Il giornalista era già tempo sorvegliato dai mafiosi. Avevano paura
che scoprisse qualcosa sull'"incidente" al presidente dell'Eni, lui
lavorava alla sceneggiatura del film che Francesco Rosi stava
girando proprio sull'attentato di Bascapè. Ma De Mauro non custodiva
segreti su Mattei. Si era invece imbattuto in quell'altra storia, il
colpo di stato, il golpe che il "principe nero" voleva far scattare
da lì a tre mesi coinvolgendo anche Cosa Nostra.
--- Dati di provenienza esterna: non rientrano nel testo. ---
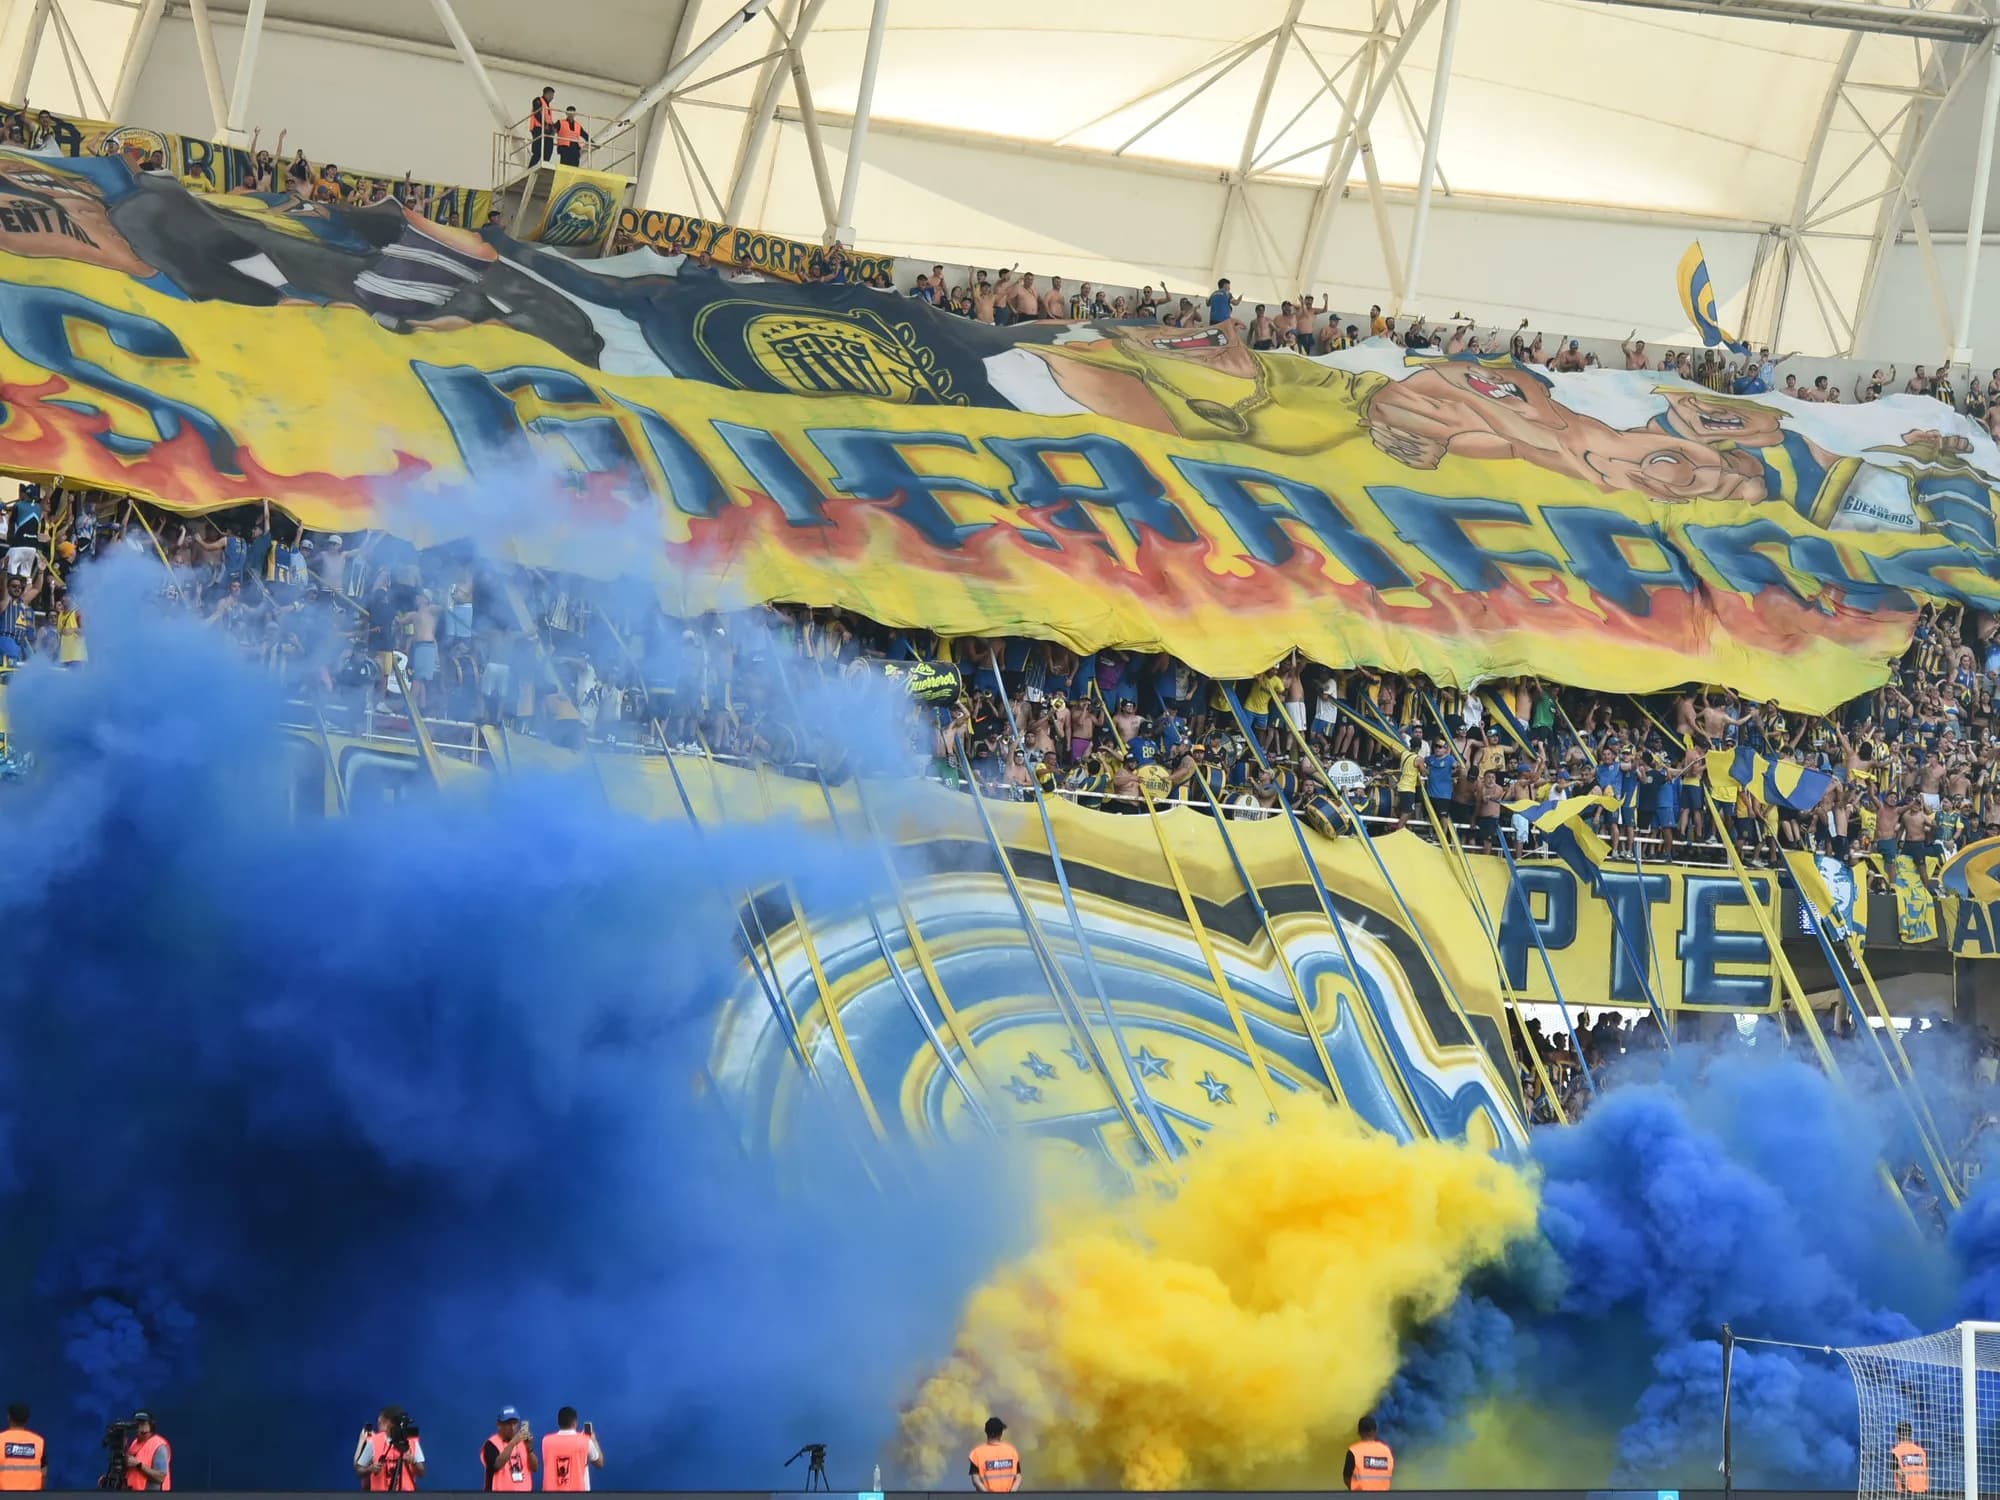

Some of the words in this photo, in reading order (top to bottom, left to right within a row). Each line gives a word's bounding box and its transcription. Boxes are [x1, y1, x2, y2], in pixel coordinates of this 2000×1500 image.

I mafiosi avrebbero
dovuto occupare la sede Rai di Palermo, le prefetture e le questure
delle città siciliane.
Erano quasi le 9 di sera del 16 settembre quando sparì proprio sotto
casa sua, in via delle Magnolie, la Palermo del sacco edilizio.
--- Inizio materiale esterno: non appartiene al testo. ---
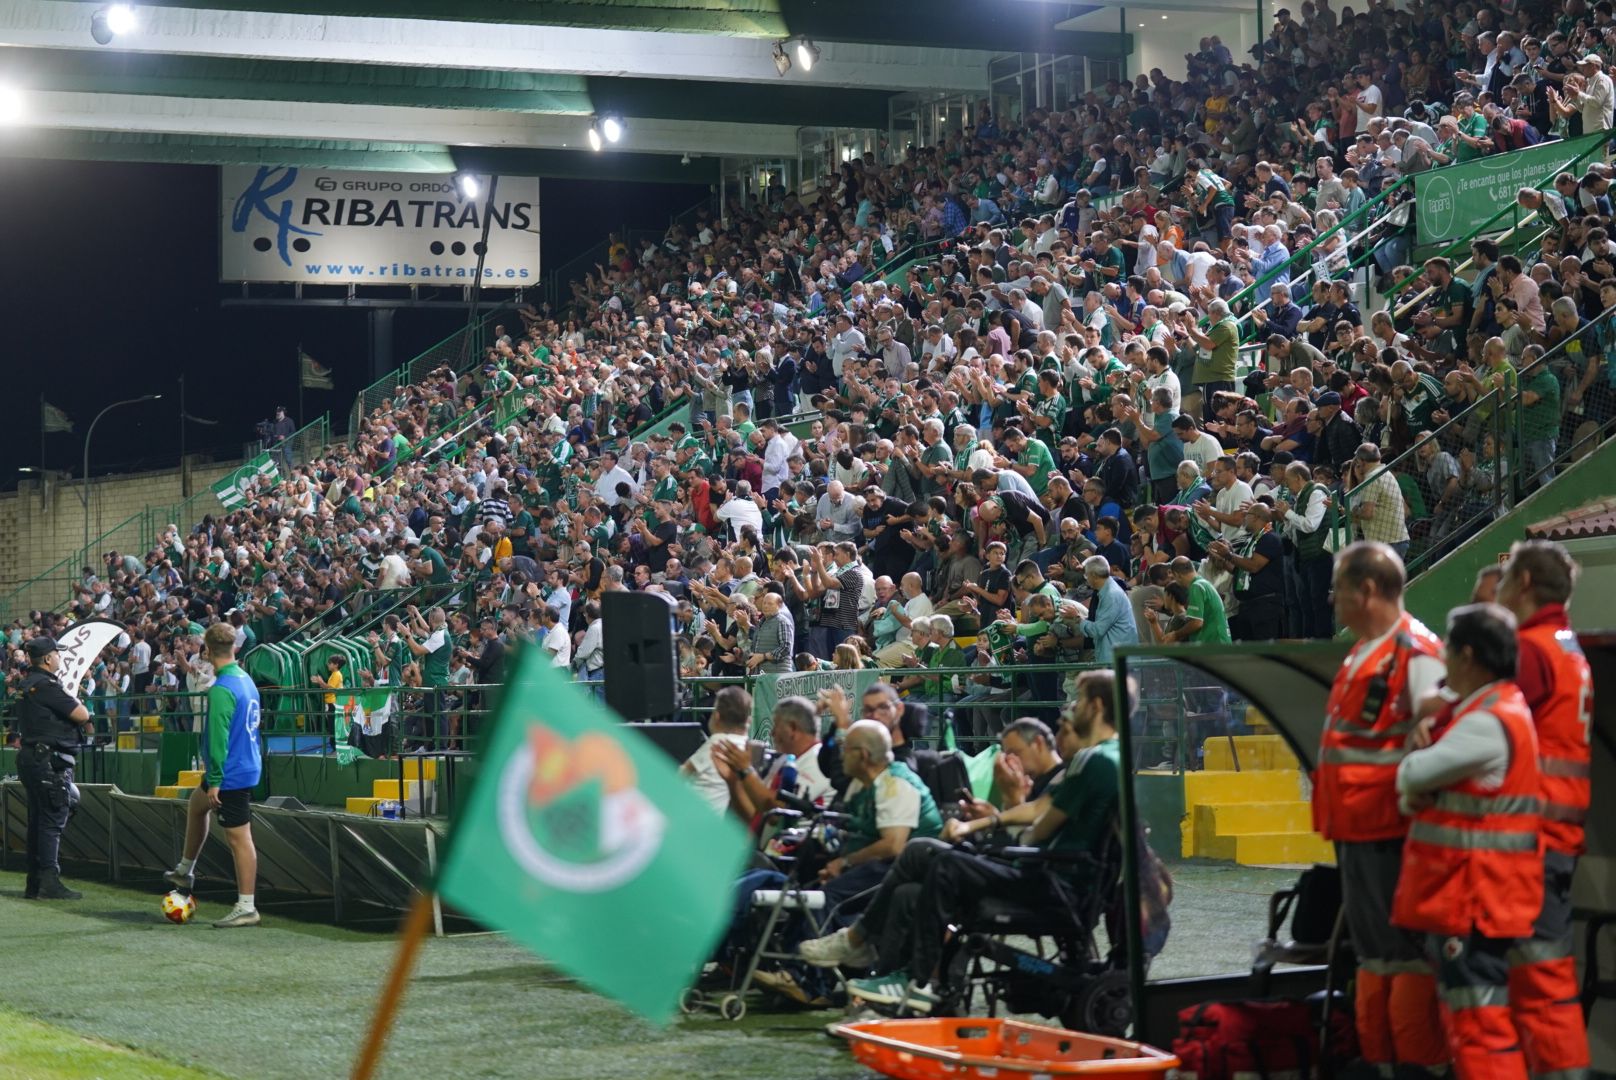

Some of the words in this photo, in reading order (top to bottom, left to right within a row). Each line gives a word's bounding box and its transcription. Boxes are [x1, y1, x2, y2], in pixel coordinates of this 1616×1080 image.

[1469, 174, 1496, 189] encanta
[1497, 171, 1510, 184] que
[1511, 168, 1522, 180] los
[1523, 163, 1546, 180] planes
[343, 181, 402, 192] GRUPO
[409, 180, 453, 193] ORDÓ
[1498, 185, 1511, 199] 681
[302, 198, 531, 230] RIBATRANS
[305, 264, 529, 278] www.ribatrans.es
[57, 625, 92, 679] RANS
Mauro uscì dalla redazione de L'Ora e fermò la sua Bmw davanti a un
bar, comprò due etti di caffè macinato, due pacchetti di Nazionali
senza filtro e una bottiglia di bourbon. Stava posteggiando l'auto
quando sua figlia Franca - la ragazza si sarebbe dovuta sposare la
mattina dopo - dalla finestra vide il padre "che parlava con due o
tre uomini". Poi la Bmw all'improvviso ripartì. Fu ritrovata la
mattina dopo dall'altra parte della città. Aveva ancora le chiavi
inserite nel cruscotto. A Palermo è il rituale della lupara bianca.
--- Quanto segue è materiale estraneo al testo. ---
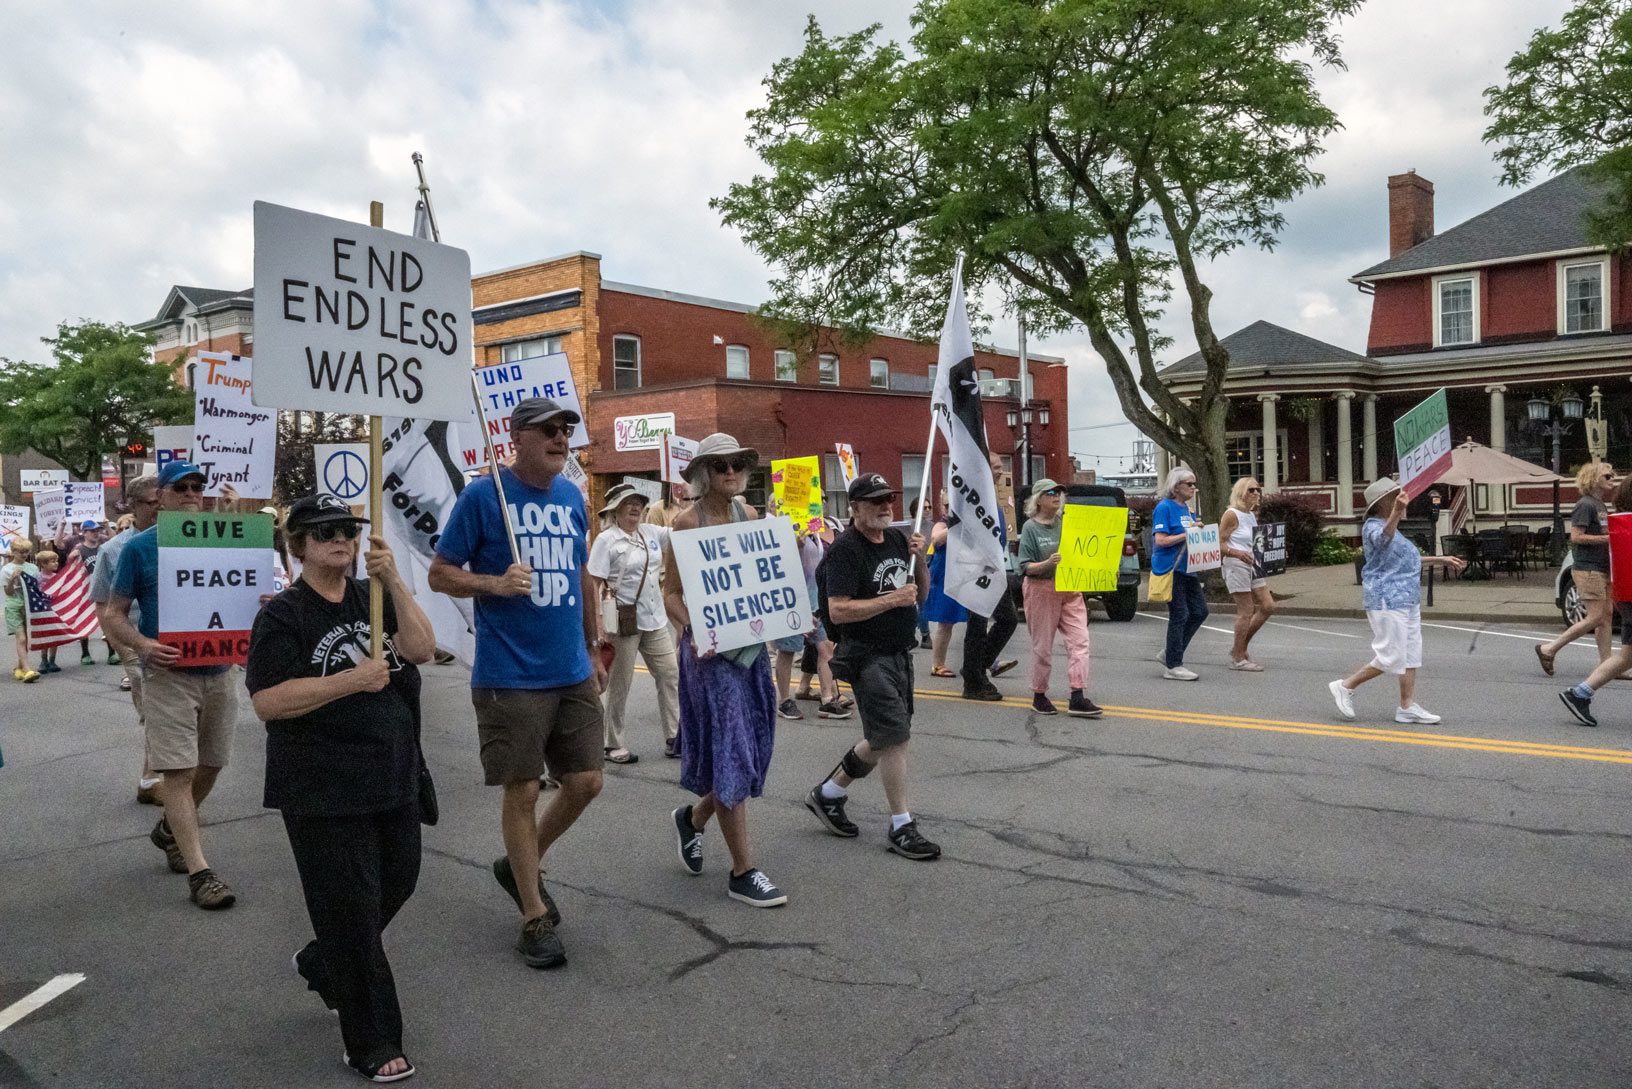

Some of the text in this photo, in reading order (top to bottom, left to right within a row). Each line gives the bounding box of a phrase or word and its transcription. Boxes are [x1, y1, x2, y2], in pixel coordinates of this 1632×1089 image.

[333, 237, 424, 293] END
[283, 278, 458, 356] ENDLESS
[201, 358, 251, 395] Trump
[305, 346, 424, 404] WARS
[475, 365, 522, 386] UND
[203, 397, 270, 425] Warmonger
[201, 436, 254, 455] Criminal
[1405, 429, 1447, 480] PEACE
[202, 462, 250, 489] Tyrant
[182, 520, 244, 539] GIVE
[508, 502, 578, 537] LOCK
[520, 535, 576, 571] HIM
[698, 528, 780, 562] WE WILL
[1073, 534, 1117, 558] NOT
[1188, 530, 1217, 545] NO WAR
[700, 554, 786, 595] NOT BE
[1189, 553, 1201, 565] NO
[176, 569, 257, 587] PEACE
[530, 572, 576, 607] UP.
[207, 611, 224, 629] A
[703, 586, 797, 629] SILENCED
Così Mauro scomparve per sempre.
Per più di vent'anni solo silenzio. Dopo le stragi del 1992
cominciarono a parlare i pentiti. Il primo fu Gaspare Mutolo. Svelò
due nomi: "Lo strangolarono Stefano Giaconia ed Emanuele
D'Agostino". Poi arrivò Buscetta. E poi ancora Antonino Calderone,
Francesco Marino Mannoia, Gaetano Grado. Tranne don Masino che è
morto, gli altri sono stati tutti riascoltati dai magistrati. E
tutti hanno indicato la "pista nera". Per ultimo Francesco Di Carlo
ha ricordato di summit a Roma tra capimafia e generali. E ha
spiegato: "De Mauro non fu nemmeno trascinato via a forza quella
sera..". Conosceva bene una di quelle "due o tre persone" che sua
figlia Franca intravide dalla finestra di casa. Era Emanuele
D'Agostino, l'autista di Bontate. De Mauro si fidava in qualche modo
di D'Agostino. E forse proprio da lui stava cercando di avere quel
pezzo mancante per il suo scoop. Lo portarono in un casolare e fu
Mimmo Teresi a interrogarlo, a tirargli fuori quello che sapeva sul
colpo di stato. Poi lo uccisero. Nessuno dei pentiti sa dove sia
esattamente la sua tomba, tutti dicono che è "sicuramente
sotterrato" a Villagrazia, sul letto di quello che una volta era il
fiume Oreto.
Il resto di questa storia italiana è confinato
tra le pieghe di un'inchiesta che è stata dimenticata per anni,
insabbiata. I magistrati di Palermo dopo tanto tempo hanno voluto
interrogare ancora Vittorio Nisticò, il direttore de L'Ora, il
giornale dell'altra Palermo. E per la prima volta da quel lontano
1970 hanno ascoltato Bruno Carbone, un collega che lavorava nella
stessa stanza con De Mauro. Carbone ci aveva confessato nel 2001:
"Mauro mi disse che aveva per le mani un colpo straordinario, io
sono stato testimone della sua vita eppure non c'è mai stato un
poliziotto o un magistrato che abbia sentito il dovere di chiedermi
qualcosa". E aveva aggiunto: "Pochi giorni prima di sparire avevo
suggerito a Mauro di parlare con il procuratore Pietro Scaglione.
Lui ci andò. Dopo pochi mesi uccisero anche Scaglione".